[Start of Attachment]
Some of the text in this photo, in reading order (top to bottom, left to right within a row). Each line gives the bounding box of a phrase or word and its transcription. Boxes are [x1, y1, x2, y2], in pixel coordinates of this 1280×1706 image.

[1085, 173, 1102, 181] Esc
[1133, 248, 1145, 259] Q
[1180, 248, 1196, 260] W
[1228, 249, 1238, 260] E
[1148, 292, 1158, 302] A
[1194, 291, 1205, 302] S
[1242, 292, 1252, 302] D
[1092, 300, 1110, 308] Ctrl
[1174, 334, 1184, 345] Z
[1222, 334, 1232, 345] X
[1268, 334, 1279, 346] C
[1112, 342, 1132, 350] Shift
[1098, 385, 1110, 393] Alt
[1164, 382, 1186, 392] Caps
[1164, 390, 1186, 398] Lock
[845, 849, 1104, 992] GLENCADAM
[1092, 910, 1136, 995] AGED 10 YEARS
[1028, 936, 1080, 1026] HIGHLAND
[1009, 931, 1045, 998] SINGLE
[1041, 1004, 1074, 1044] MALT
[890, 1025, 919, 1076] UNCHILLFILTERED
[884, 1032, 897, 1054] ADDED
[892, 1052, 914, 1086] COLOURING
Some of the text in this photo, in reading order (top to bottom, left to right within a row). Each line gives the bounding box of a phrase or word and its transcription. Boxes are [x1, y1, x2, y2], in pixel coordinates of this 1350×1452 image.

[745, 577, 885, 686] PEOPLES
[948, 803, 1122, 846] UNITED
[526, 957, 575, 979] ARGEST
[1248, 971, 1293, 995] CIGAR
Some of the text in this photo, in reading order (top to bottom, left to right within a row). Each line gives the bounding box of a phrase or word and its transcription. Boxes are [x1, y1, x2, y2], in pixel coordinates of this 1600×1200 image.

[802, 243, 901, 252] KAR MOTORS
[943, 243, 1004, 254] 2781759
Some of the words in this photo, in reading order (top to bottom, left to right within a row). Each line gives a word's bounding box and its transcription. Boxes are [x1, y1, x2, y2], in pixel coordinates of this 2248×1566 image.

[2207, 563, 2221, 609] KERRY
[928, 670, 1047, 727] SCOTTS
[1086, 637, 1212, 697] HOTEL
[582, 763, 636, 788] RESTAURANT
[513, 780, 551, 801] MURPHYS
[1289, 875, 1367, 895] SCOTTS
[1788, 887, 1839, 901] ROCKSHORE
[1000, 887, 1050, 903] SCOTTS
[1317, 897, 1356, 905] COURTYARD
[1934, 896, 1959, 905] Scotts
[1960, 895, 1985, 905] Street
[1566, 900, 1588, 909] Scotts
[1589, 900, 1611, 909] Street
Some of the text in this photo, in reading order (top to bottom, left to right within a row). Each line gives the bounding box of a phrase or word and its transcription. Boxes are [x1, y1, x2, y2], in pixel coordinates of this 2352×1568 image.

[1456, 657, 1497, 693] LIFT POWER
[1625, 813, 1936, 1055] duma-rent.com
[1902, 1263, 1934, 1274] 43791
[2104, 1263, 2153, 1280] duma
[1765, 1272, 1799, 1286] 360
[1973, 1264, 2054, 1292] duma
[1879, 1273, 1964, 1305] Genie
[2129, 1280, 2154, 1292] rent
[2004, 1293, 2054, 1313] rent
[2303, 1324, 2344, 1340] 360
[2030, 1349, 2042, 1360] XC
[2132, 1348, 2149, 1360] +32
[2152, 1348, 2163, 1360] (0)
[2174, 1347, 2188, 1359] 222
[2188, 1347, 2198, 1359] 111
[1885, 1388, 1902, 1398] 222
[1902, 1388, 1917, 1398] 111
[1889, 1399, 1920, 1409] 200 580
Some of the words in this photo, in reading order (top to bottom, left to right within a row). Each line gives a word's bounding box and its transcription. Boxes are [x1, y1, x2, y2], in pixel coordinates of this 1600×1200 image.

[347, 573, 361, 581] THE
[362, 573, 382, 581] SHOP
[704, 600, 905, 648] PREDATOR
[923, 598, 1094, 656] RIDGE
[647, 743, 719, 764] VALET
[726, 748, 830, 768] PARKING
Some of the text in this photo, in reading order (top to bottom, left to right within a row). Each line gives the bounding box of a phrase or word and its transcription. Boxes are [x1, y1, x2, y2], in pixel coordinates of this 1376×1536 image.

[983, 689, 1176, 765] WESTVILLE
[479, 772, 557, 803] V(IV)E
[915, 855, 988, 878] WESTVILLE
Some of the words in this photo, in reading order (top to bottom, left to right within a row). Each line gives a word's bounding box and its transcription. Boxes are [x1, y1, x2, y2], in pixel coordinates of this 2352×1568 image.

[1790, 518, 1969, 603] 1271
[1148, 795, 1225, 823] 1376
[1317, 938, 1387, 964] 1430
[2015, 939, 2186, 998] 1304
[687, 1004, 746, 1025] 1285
[End of Attachment]
#### [ACTIVITY]
Set down every entry again, exactly as written.

#### [RESPONSE BELOW]
Some of the text in this photo, in reading order (top to bottom, left to right within a row). Each line gives the bounding box of a phrase or word and its transcription. Boxes are [x1, y1, x2, y2], in pixel coordinates of this 1280×1706 image.

[1085, 173, 1102, 181] Esc
[1133, 248, 1145, 259] Q
[1180, 248, 1196, 260] W
[1228, 249, 1238, 260] E
[1148, 292, 1158, 302] A
[1194, 291, 1205, 302] S
[1242, 292, 1252, 302] D
[1092, 300, 1110, 308] Ctrl
[1174, 334, 1184, 345] Z
[1222, 334, 1232, 345] X
[1268, 334, 1279, 346] C
[1112, 342, 1132, 350] Shift
[1098, 385, 1110, 393] Alt
[1164, 382, 1186, 392] Caps
[1164, 390, 1186, 398] Lock
[845, 849, 1104, 992] GLENCADAM
[1092, 910, 1136, 995] AGED 10 YEARS
[1028, 936, 1080, 1026] HIGHLAND
[1009, 931, 1045, 998] SINGLE
[1041, 1004, 1074, 1044] MALT
[890, 1025, 919, 1076] UNCHILLFILTERED
[884, 1032, 897, 1054] ADDED
[892, 1052, 914, 1086] COLOURING
Some of the text in this photo, in reading order (top to bottom, left to right within a row). Each line gives the bounding box of a phrase or word and its transcription. Boxes are [x1, y1, x2, y2], in pixel coordinates of this 1350×1452 image.

[745, 577, 885, 686] PEOPLES
[948, 803, 1122, 846] UNITED
[526, 957, 575, 979] ARGEST
[1248, 971, 1293, 995] CIGAR
Some of the text in this photo, in reading order (top to bottom, left to right within a row). Each line gives the bounding box of a phrase or word and its transcription. Boxes are [x1, y1, x2, y2], in pixel coordinates of this 1600×1200 image.

[802, 243, 901, 252] KAR MOTORS
[943, 243, 1004, 254] 2781759
Some of the words in this photo, in reading order (top to bottom, left to right within a row). Each line gives a word's bounding box and its transcription. Boxes are [x1, y1, x2, y2], in pixel coordinates of this 2248×1566 image.

[2207, 563, 2221, 609] KERRY
[928, 670, 1047, 727] SCOTTS
[1086, 637, 1212, 697] HOTEL
[582, 763, 636, 788] RESTAURANT
[513, 780, 551, 801] MURPHYS
[1289, 875, 1367, 895] SCOTTS
[1788, 887, 1839, 901] ROCKSHORE
[1000, 887, 1050, 903] SCOTTS
[1317, 897, 1356, 905] COURTYARD
[1934, 896, 1959, 905] Scotts
[1960, 895, 1985, 905] Street
[1566, 900, 1588, 909] Scotts
[1589, 900, 1611, 909] Street
Some of the text in this photo, in reading order (top to bottom, left to right within a row). Each line gives the bounding box of a phrase or word and its transcription. Boxes are [x1, y1, x2, y2], in pixel coordinates of this 2352×1568 image.

[1456, 657, 1497, 693] LIFT POWER
[1625, 813, 1936, 1055] duma-rent.com
[1902, 1263, 1934, 1274] 43791
[2104, 1263, 2153, 1280] duma
[1765, 1272, 1799, 1286] 360
[1973, 1264, 2054, 1292] duma
[1879, 1273, 1964, 1305] Genie
[2129, 1280, 2154, 1292] rent
[2004, 1293, 2054, 1313] rent
[2303, 1324, 2344, 1340] 360
[2030, 1349, 2042, 1360] XC
[2132, 1348, 2149, 1360] +32
[2152, 1348, 2163, 1360] (0)
[2174, 1347, 2188, 1359] 222
[2188, 1347, 2198, 1359] 111
[1885, 1388, 1902, 1398] 222
[1902, 1388, 1917, 1398] 111
[1889, 1399, 1920, 1409] 200 580
Some of the words in this photo, in reading order (top to bottom, left to right within a row). Each line gives a word's bounding box and its transcription. Boxes are [x1, y1, x2, y2], in pixel coordinates of this 1600×1200 image.

[347, 573, 361, 581] THE
[362, 573, 382, 581] SHOP
[704, 600, 905, 648] PREDATOR
[923, 598, 1094, 656] RIDGE
[647, 743, 719, 764] VALET
[726, 748, 830, 768] PARKING
Some of the text in this photo, in reading order (top to bottom, left to right within a row). Each line gives the bounding box of a phrase or word and its transcription. Boxes are [x1, y1, x2, y2], in pixel coordinates of this 1376×1536 image.

[983, 689, 1176, 765] WESTVILLE
[479, 772, 557, 803] V(IV)E
[915, 855, 988, 878] WESTVILLE
Some of the words in this photo, in reading order (top to bottom, left to right within a row). Each line gives a word's bounding box and its transcription. Boxes are [x1, y1, x2, y2], in pixel coordinates of this 2352×1568 image.

[1790, 518, 1969, 603] 1271
[1148, 795, 1225, 823] 1376
[1317, 938, 1387, 964] 1430
[2015, 939, 2186, 998] 1304
[687, 1004, 746, 1025] 1285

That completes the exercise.